Despite reports debunking the story, the picture still gets shared on social media even today.
The "f--K her right in the p---y" guy was just an Internet hoaxer.
Back in 2014, one of the most vulgar memes involved drunken men loudly shouting "F--k her right in the p---y!" during live news broadcasts. It was incredibly tasteless, annoying, and drove newscasters crazy. And to make matters worse, the meme was ignited by a hoax.
Internet jokester John Cain created a fake video of a man, dressed in a hoodie and sunglasses, grabbing a microphone from a reporter and screaming the offensive phrase during a live broadcast. Even Gawker at the time reported that the video was a hoax. "These videos are terrible 'viral' hoaxes, and you should ignore them until they go away," Jay Hathaway wrote.
But they didn't go away. For the rest of that year, drunken sports fans, 12-year-old boys, and college hooligans delighted themselves in shouting the phrase every time they saw a camera. So, in a way, even though the meme started off as a hoax, through its popularity it morphed into a bonafide real meme. But still — ew.
Japan never had a "cube-shaped-dog" craze.

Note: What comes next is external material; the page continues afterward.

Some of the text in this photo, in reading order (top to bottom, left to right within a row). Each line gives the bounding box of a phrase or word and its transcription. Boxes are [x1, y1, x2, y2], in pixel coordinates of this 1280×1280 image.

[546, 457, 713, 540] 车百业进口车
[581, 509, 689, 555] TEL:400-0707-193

Aww, although this was the most adorable viral story from 2015, this Japanese trend of owners trimming their dogs' hair so that they look like cubes was largely false. First of all, the pictures came from a Taiwanese grooming store, not from Japan. Secondly, all the pictures (all three of them) only came from that one shop, which hardly counts as some newfangled "craze" or "trend." Of course, that didn't stop sites like Boing Boing and MTV from running the story anyway. Unfortunately, it's just not true.
"Pizza Rat" was created by a performance artist.

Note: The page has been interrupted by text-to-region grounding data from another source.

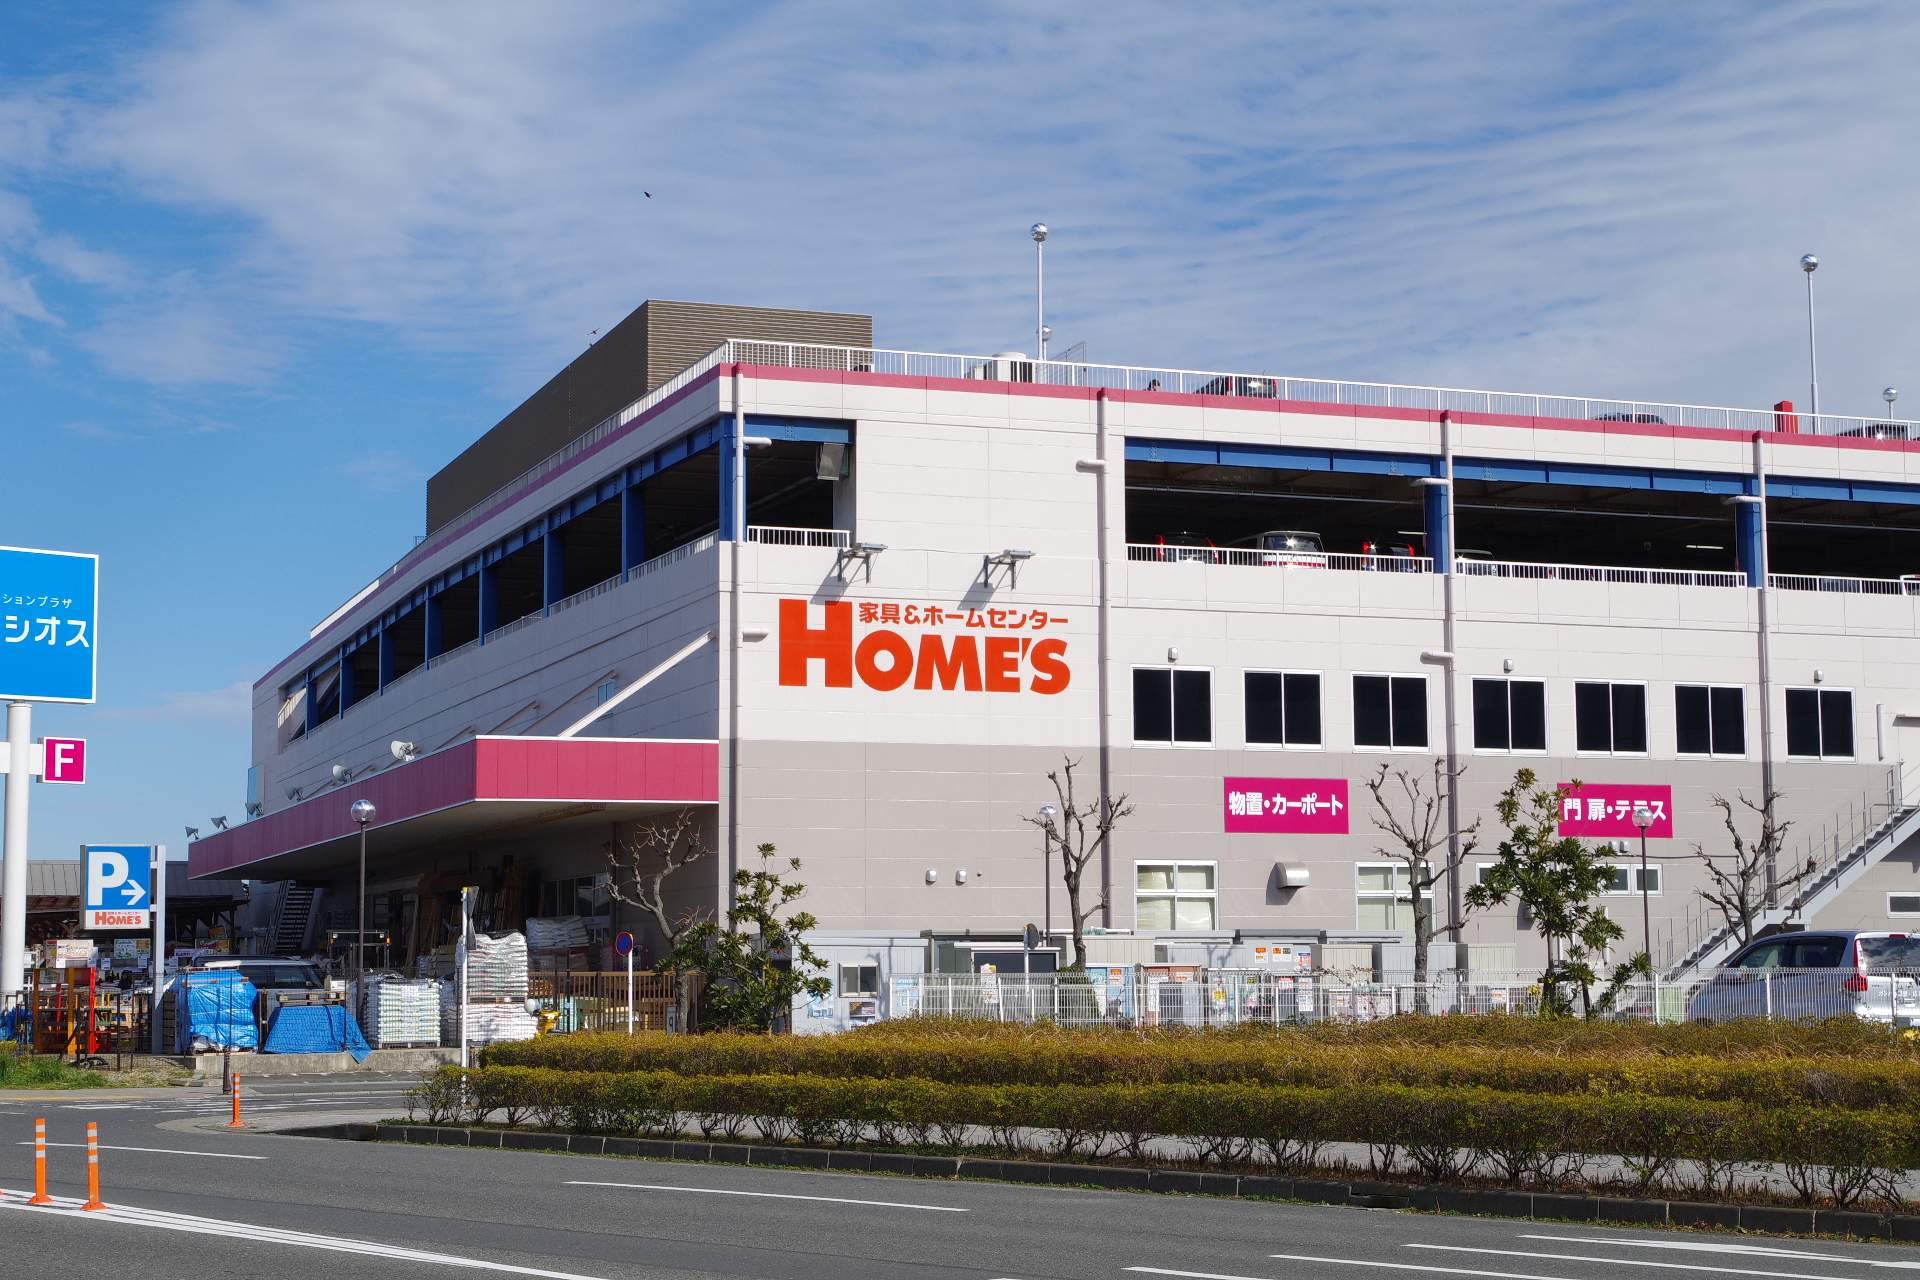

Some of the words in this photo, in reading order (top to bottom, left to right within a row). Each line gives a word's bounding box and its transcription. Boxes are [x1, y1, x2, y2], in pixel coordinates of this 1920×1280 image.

[2, 593, 73, 609] ションプラザ
[858, 601, 1069, 630] 家具&ホームセンター
[5, 615, 90, 648] シオス
[54, 743, 75, 778] F
[1229, 791, 1344, 816] 物置・カーポート
[88, 851, 129, 906] P

Pizza rat, in case you forgot, was a little rat, captured on camera by comedian Mike Little, dragging a slice of pizza down the subway steps. It was probably the most New York meme ever created and spurred dozens of Halloween costumes and Internet jokes. However, as much as it pains us to write this, Pizza Rat was fake.
The whole thing was a hoax by performance artist Zardulu, who told The Washington Post that she trained the rat to carry the pizza down the steps. The anonymous artist also took credit for other viral stories, like "selfie rat" and "raccoon riding an alligator."
"In my art, I use highly trained rats to symbolize the shadow archetype and the subway as a symbol of our unconscious minds," Zardulu revealed to Gothamist in a bizarre video. "I trained a rat to drag a piece of pizza down the subway stairs. Why has this become one of the most prolific videos of our generation? I believe because it symbolically completes us by incorporating our shadow into our conscious minds."
Ooookay.
Viral photo of a teacher spying on her student was fake — duh.
Last year, Texas student Joseph Longoria tweeted this bizarre photo of his teacher spying on the class by hiding in the ceiling during an exam. "My teacher left the room during a test so we all started sharing answers," he tweeted. "Then I look up and she was staring right at me." The photo instantly went viral, but Joseph later told Buzzfeed News that he made the whole thing up.
"I just had it along with the rest of my pictures," he said. "I was deleting them because ya know, storage almost full, iPhone probs. So I decided to make it into a meme."
As for the woman in the ceiling, no one knows who she is or where the picture originated from. Weird.